A cycle is the sequence of vertices that forms a path and additionally the end vertex of the path is connected with the start one. Informally, a path is called a cycle if its start vertex is also its end vertex. Notice however that unlike paths, cycles do not have natural start/end vertices.

A cycle with no repeated vertices is called a simple cycle.

Sometimes it is important to distinguish a cycle and paths that coincide with the cycle, produced by ignoring a single connection of the cycle. In such situations and in some others a path is defined as alternating sequence of vertices and edges that begins and ends with a vertex, such that every edge connects the two vertices that precede and follow it in the sequence. A cycle is then defined as a path with an extra edge that connects the first and the last vertices of the path.

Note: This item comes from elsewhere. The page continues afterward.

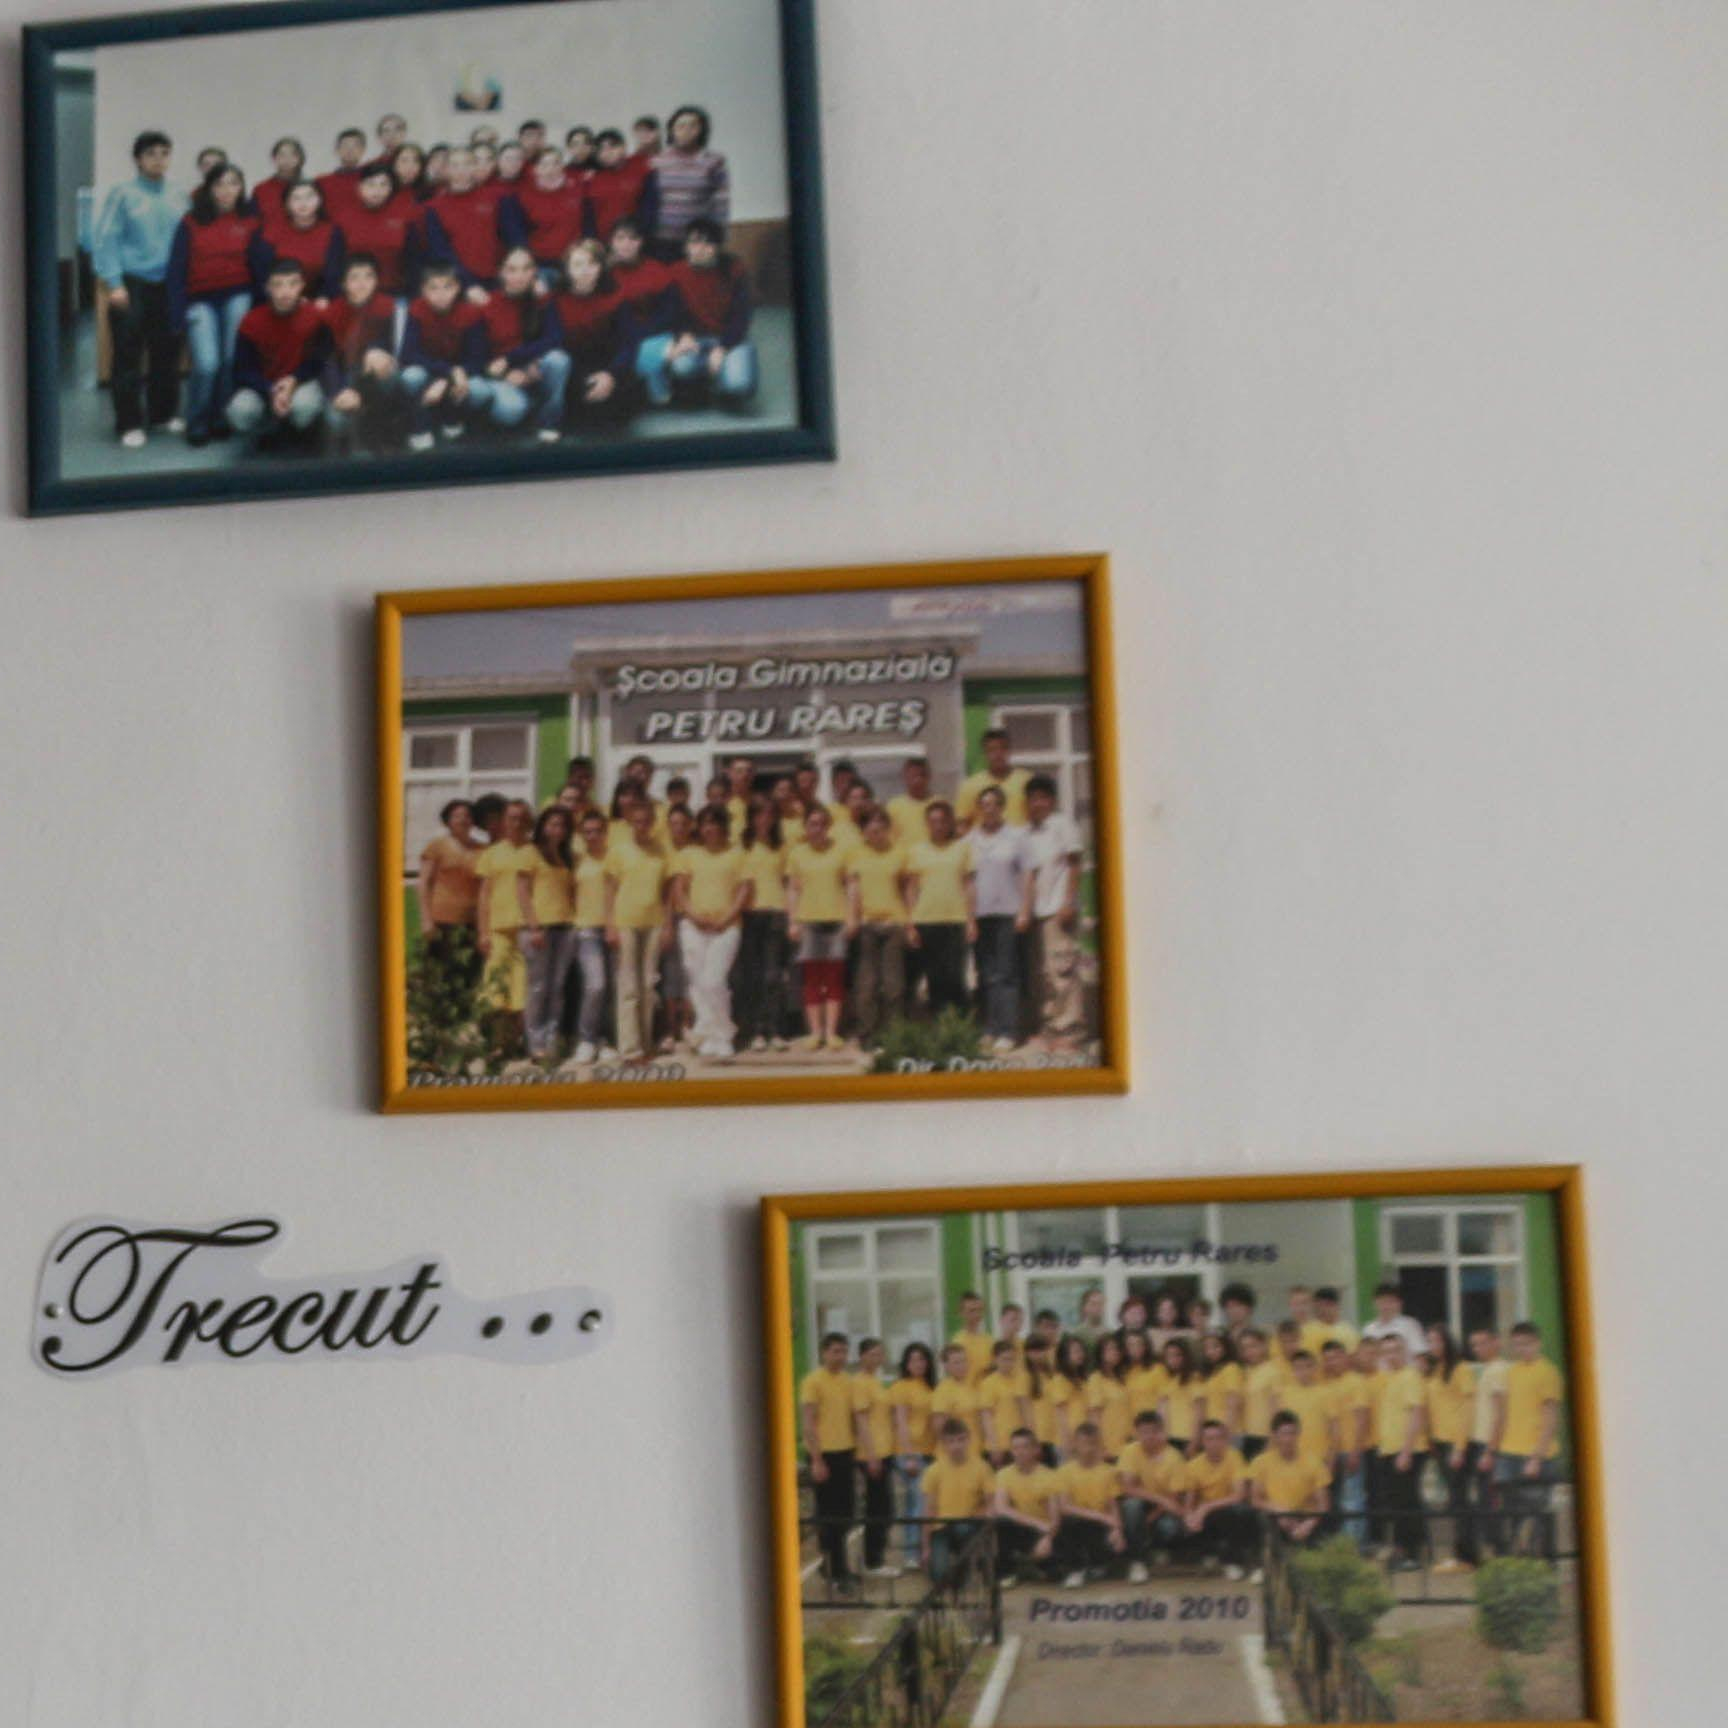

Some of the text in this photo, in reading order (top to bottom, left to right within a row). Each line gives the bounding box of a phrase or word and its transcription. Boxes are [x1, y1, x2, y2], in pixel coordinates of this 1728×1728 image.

[647, 707, 775, 742] PETRU
[43, 1219, 442, 1371] Trecut
[1178, 1595, 1251, 1620] 2010

Two paths are independent (alternatively, internally vertex-disjoint) if they do not have any internal vertex in common.

The length of a path is the number of edges that the path uses, counting multiple edges multiple times. In the graph shown, (1, 2, 5, 1, 2, 3) is a path of length 5, and (5, 2, 1) is a simple path of length 2.

A weighted graph associates a value (weight) with every edge in the graph. The weight of a path in a weighted graph is the sum of the weights of the traversed edges. Sometimes the words cost or length are used instead of weight.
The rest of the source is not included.